'''

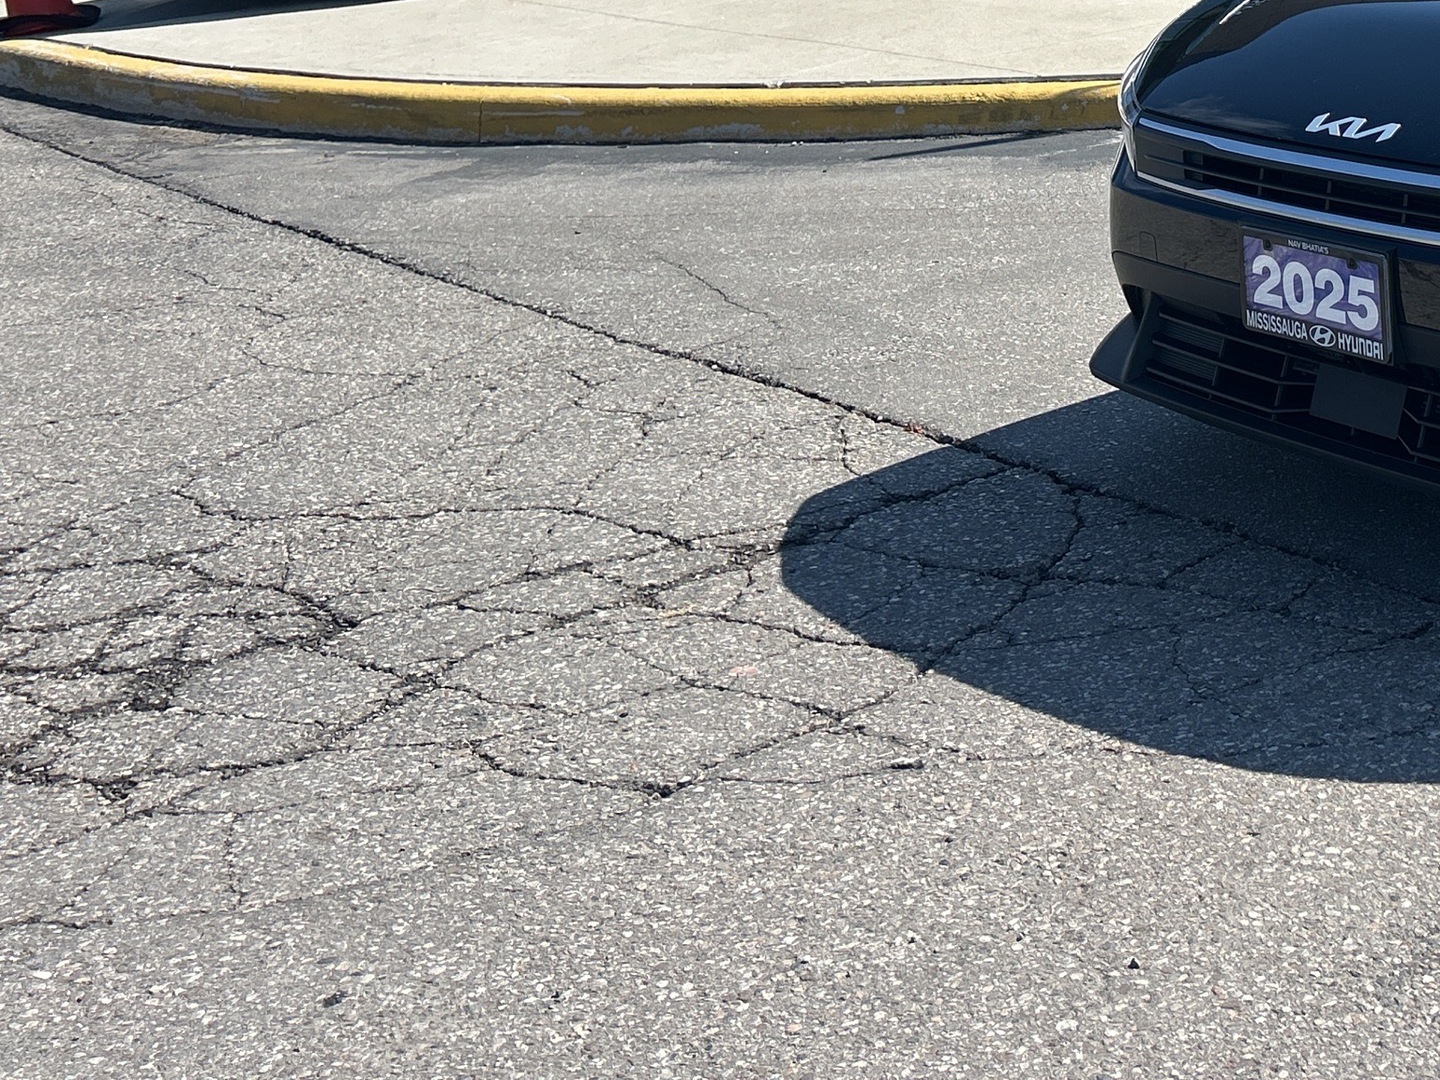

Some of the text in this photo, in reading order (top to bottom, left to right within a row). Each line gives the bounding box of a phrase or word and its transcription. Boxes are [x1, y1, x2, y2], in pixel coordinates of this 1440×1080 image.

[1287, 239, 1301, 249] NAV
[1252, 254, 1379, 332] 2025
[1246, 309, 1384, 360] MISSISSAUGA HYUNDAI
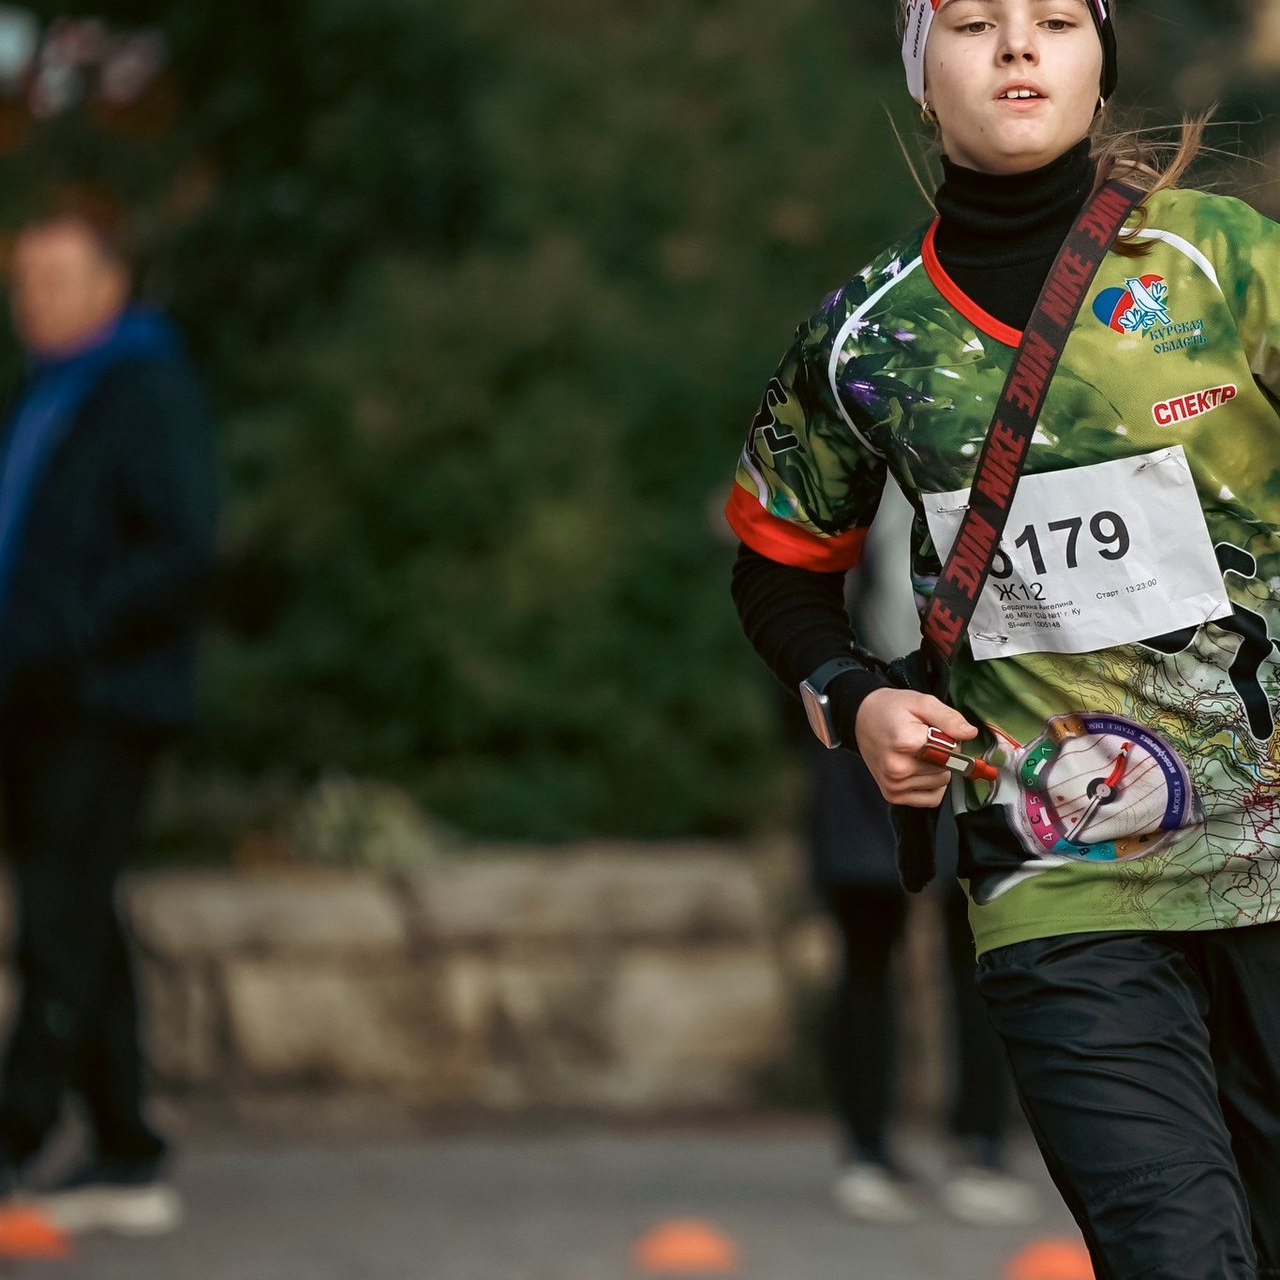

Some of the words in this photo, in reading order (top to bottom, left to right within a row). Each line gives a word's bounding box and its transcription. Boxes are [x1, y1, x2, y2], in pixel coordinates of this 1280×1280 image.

'''
'''

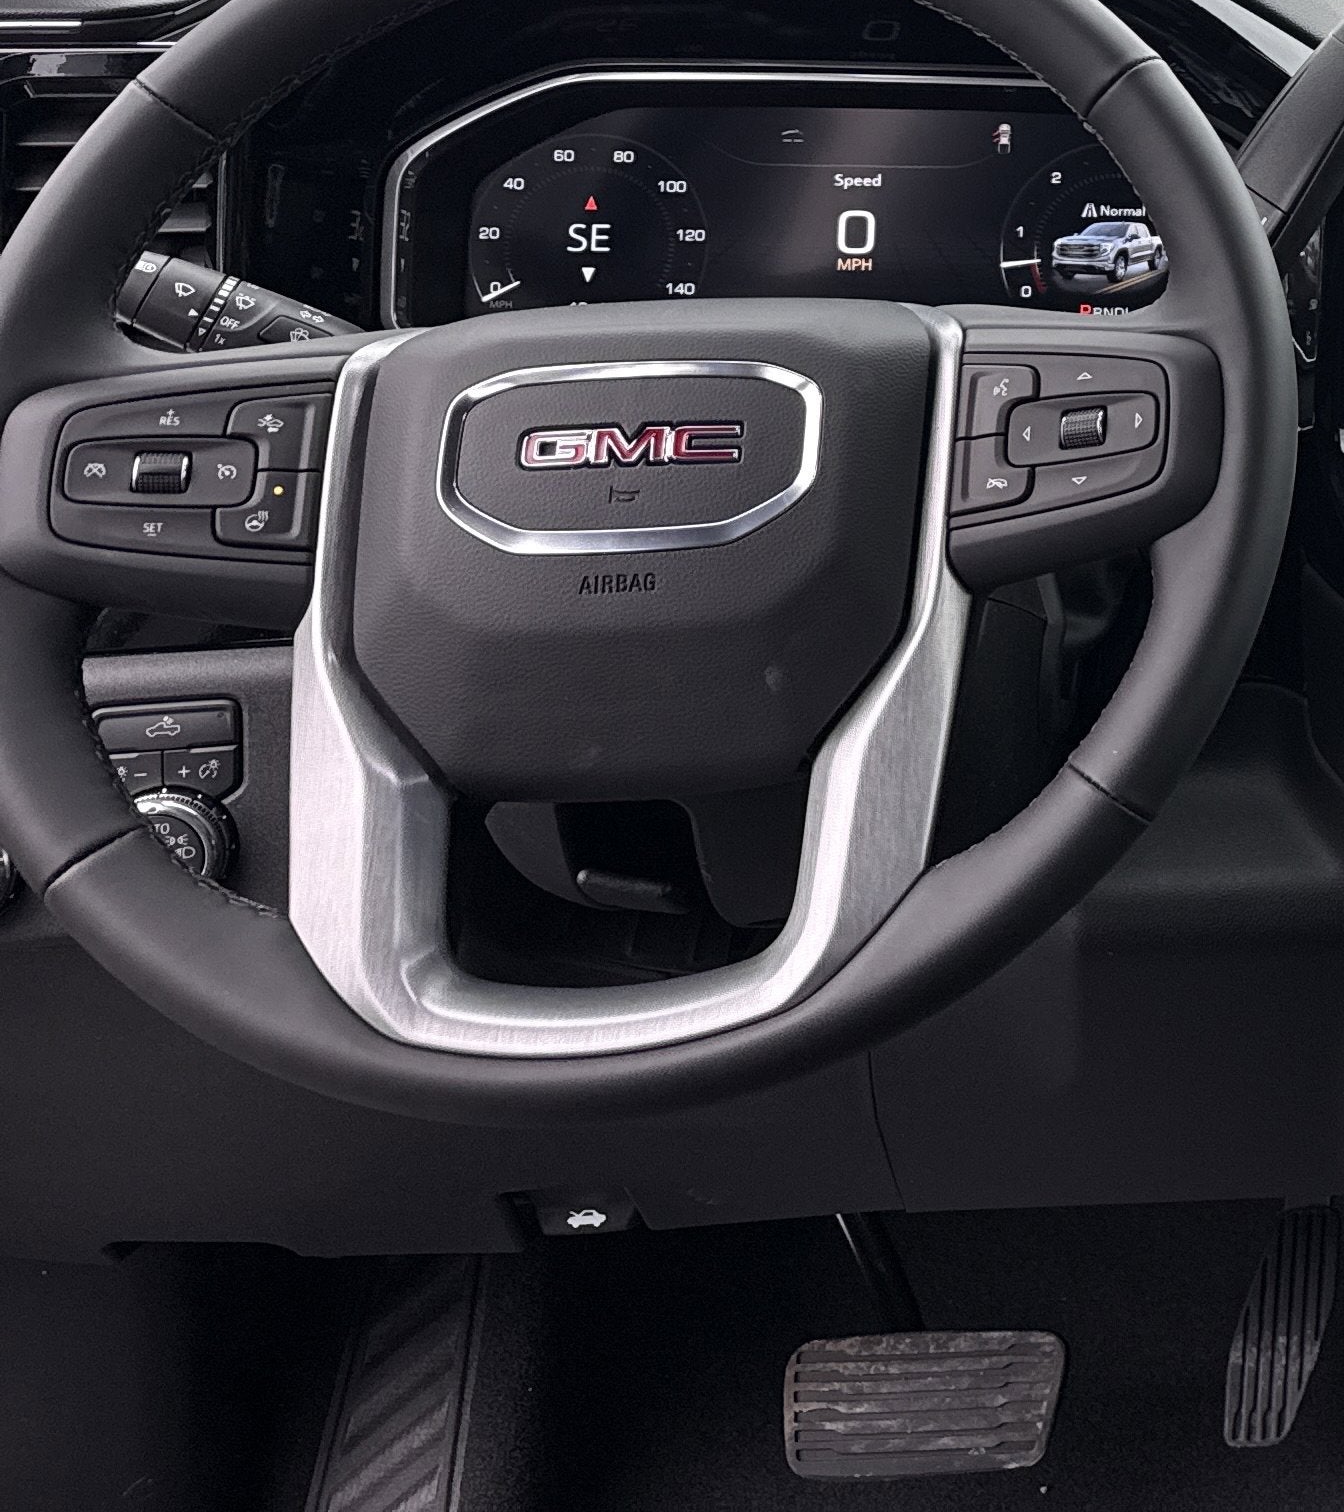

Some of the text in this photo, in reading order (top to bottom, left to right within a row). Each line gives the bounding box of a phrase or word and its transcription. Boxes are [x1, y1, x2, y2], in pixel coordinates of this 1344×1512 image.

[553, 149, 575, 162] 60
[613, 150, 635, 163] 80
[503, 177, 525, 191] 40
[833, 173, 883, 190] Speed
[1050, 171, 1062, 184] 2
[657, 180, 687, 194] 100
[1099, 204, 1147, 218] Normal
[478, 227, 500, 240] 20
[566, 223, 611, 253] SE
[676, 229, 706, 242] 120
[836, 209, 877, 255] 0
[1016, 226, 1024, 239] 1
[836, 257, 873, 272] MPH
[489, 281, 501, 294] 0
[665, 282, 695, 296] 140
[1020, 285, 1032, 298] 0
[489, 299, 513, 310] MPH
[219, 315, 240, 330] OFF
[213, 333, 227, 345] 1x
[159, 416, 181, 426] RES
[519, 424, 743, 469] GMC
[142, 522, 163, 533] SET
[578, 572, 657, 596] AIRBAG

'''
'''

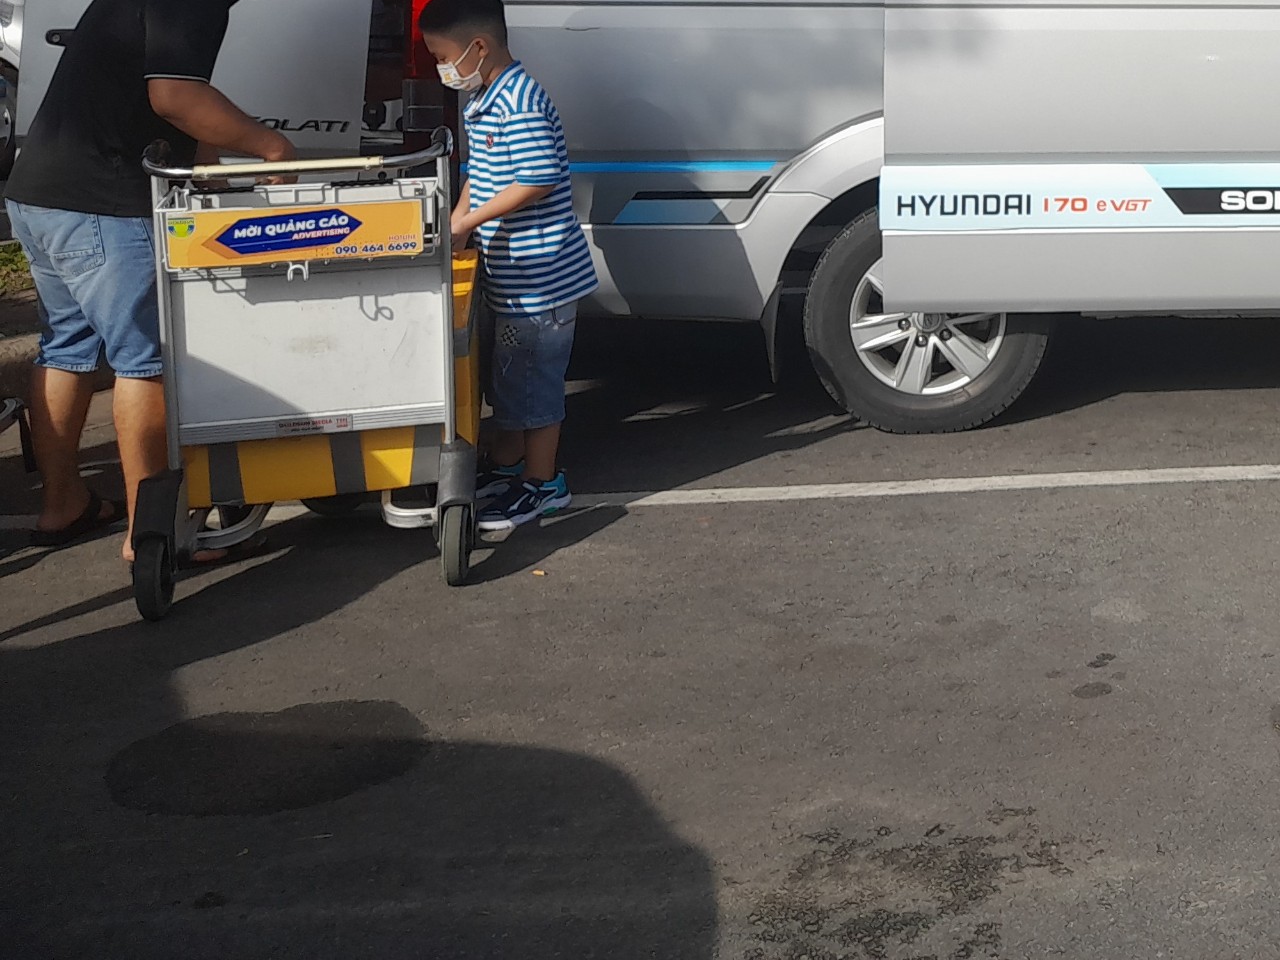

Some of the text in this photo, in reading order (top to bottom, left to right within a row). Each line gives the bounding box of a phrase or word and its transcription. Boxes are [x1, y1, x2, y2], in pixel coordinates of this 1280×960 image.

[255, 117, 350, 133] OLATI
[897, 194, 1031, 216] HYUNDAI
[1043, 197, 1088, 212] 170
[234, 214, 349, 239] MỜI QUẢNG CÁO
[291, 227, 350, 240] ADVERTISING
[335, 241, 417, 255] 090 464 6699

'''

**Task to carry out**
Print, word for word, the lines above that run from the line containing "this 1440×1080 image." to the line containing "Some of the words", both included. Keep the pictures out.

**Finished exercise**
Some of the text in this photo, in reading order (top to bottom, left to right within a row). Each line gives the bounding box of a phrase or word and its transcription. Boxes are [x1, y1, x2, y2], in pixel coordinates of this 1440×1080 image.

[1287, 239, 1301, 249] NAV
[1252, 254, 1379, 332] 2025
[1246, 309, 1384, 360] MISSISSAUGA HYUNDAI

Some of the words in this photo, in reading order (top to bottom, left to right within a row). Each line gives a word's bounding box and its transcription. Boxes are [x1, y1, x2, y2], in pixel coordinates of this 1280×1280 image.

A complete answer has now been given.